▶ _Task to complete_
When a line of the records below contains the string "alpro", copy that whole line.

═════ Data

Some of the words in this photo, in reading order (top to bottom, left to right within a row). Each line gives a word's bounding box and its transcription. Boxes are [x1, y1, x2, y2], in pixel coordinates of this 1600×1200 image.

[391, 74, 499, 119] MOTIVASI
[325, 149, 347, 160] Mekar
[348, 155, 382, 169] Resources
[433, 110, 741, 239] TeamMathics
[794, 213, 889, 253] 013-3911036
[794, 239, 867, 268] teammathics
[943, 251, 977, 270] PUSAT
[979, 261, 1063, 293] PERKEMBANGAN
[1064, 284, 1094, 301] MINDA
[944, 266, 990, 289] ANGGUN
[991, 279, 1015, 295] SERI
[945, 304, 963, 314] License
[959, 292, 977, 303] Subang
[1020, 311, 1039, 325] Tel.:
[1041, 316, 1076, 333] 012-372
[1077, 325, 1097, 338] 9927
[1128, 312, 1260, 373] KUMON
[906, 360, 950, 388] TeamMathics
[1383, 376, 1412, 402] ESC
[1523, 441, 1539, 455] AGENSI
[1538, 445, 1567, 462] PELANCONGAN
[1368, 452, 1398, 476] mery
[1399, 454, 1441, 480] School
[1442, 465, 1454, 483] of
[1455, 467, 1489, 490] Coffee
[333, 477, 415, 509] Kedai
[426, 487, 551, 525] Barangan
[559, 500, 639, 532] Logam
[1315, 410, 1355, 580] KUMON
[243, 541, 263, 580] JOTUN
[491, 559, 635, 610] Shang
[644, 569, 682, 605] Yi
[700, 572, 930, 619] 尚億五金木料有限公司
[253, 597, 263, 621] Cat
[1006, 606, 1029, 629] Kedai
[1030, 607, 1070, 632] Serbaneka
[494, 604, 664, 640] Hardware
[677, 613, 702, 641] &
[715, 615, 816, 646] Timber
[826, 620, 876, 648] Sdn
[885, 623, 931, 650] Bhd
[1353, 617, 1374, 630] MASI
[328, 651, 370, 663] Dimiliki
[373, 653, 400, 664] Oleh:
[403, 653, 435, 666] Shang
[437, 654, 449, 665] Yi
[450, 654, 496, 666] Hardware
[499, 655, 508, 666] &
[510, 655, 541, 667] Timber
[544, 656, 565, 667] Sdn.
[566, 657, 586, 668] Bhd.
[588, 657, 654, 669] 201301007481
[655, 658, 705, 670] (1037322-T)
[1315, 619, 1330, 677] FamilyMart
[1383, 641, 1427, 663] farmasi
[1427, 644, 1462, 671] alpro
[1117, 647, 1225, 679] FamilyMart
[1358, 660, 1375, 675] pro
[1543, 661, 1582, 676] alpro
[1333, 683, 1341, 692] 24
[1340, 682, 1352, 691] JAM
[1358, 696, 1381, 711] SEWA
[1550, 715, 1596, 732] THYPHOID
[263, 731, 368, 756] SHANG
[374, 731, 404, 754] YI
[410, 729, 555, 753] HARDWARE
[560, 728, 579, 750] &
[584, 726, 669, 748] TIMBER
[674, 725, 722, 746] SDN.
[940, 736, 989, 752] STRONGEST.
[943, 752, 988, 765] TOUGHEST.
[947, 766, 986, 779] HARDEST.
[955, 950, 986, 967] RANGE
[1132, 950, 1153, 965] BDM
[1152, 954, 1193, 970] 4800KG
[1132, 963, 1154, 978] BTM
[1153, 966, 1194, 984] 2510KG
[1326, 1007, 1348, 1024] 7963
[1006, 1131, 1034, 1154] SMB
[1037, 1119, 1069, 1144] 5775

══════════

▶ _Exercise answer_
[1427, 644, 1462, 671] alpro
[1543, 661, 1582, 676] alpro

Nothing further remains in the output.